Records from a data collection:
= Beginning of Section =

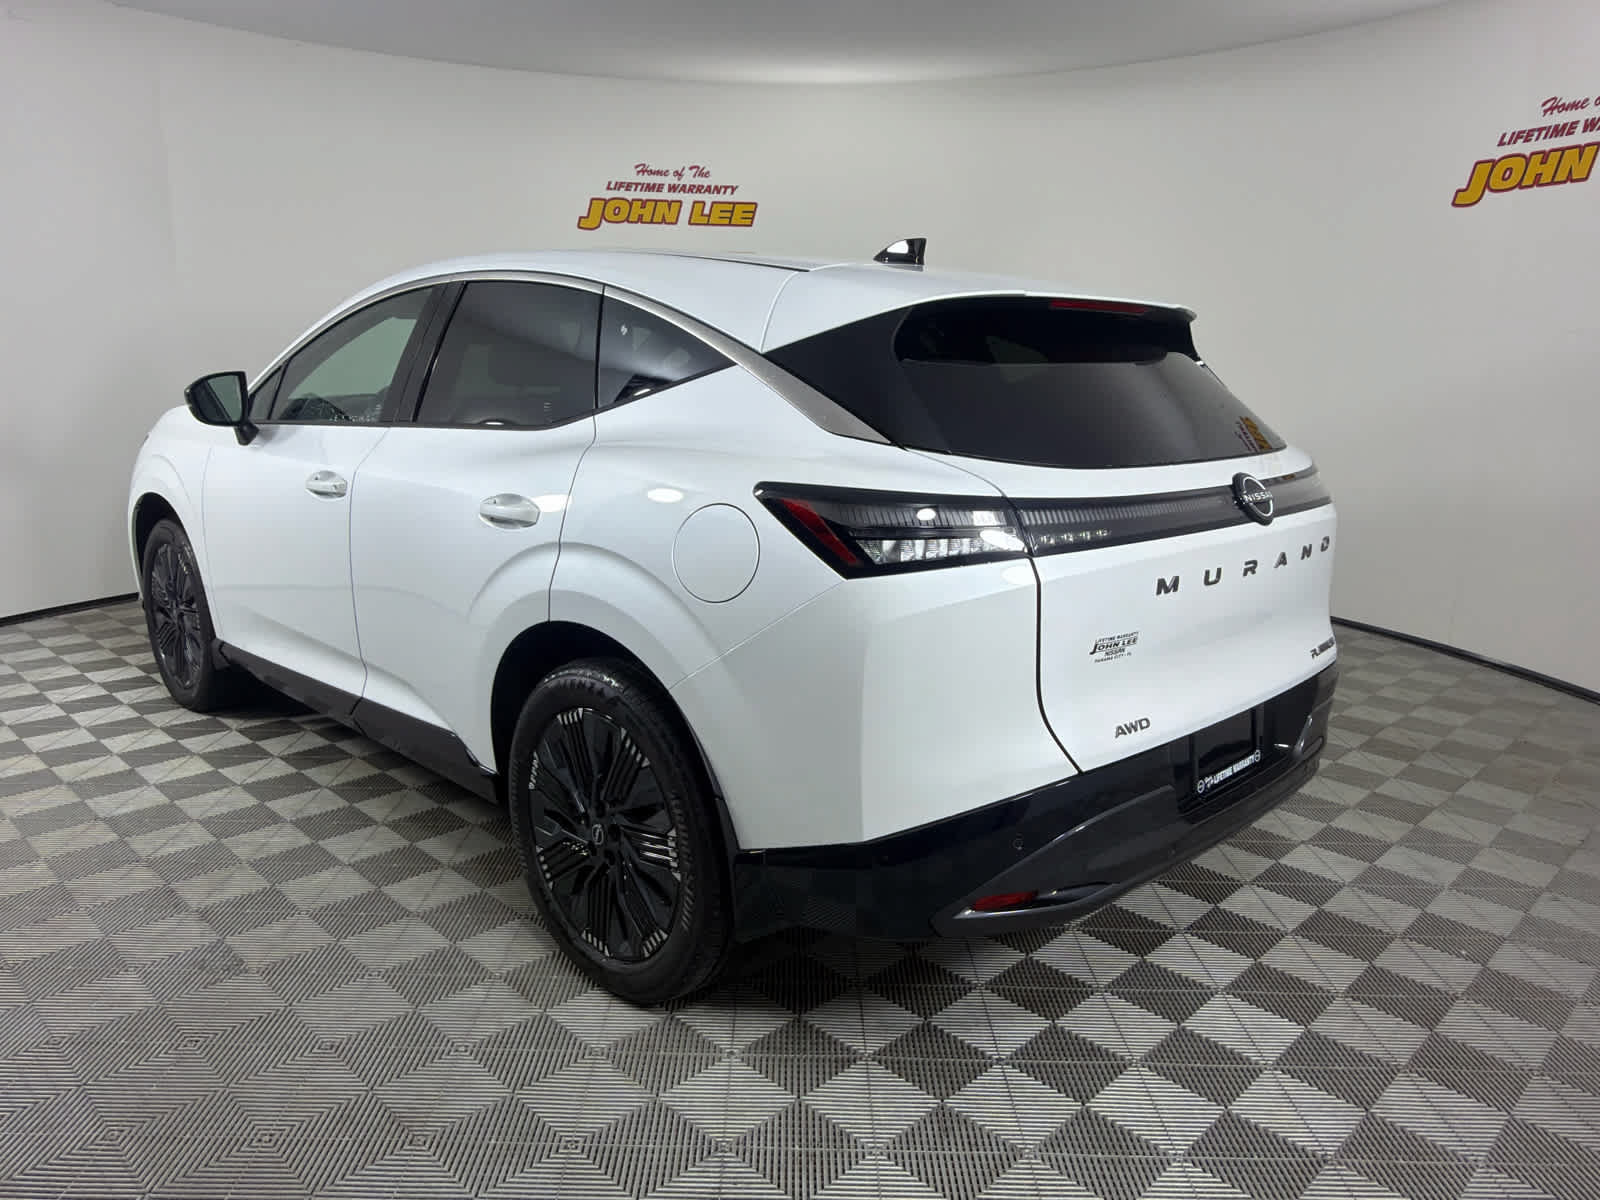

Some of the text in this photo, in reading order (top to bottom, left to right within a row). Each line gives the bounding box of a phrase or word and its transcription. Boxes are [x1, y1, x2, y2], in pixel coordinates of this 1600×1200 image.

[1541, 96, 1590, 118] Home
[1497, 120, 1580, 147] LIFETIME
[634, 163, 711, 181] Home of The
[1451, 141, 1600, 208] JOHN
[606, 181, 739, 196] LIFETIME WARRANTY
[577, 197, 758, 231] JOHN LEE
[1241, 489, 1274, 505] NISSAN
[1155, 535, 1331, 597] MURANO
[1089, 636, 1138, 655] JOHN LEE
[1114, 717, 1151, 739] AWD

= End of Section =

> _Exercise aim_
What is needed is a word-for-word transcription of all the entries, with the pictures dropped.

> _Written answer_
Some of the text in this photo, in reading order (top to bottom, left to right within a row). Each line gives the bounding box of a phrase or word and its transcription. Boxes are [x1, y1, x2, y2], in pixel coordinates of this 1600×1200 image.

[1541, 96, 1590, 118] Home
[1497, 120, 1580, 147] LIFETIME
[634, 163, 711, 181] Home of The
[1451, 141, 1600, 208] JOHN
[606, 181, 739, 196] LIFETIME WARRANTY
[577, 197, 758, 231] JOHN LEE
[1241, 489, 1274, 505] NISSAN
[1155, 535, 1331, 597] MURANO
[1089, 636, 1138, 655] JOHN LEE
[1114, 717, 1151, 739] AWD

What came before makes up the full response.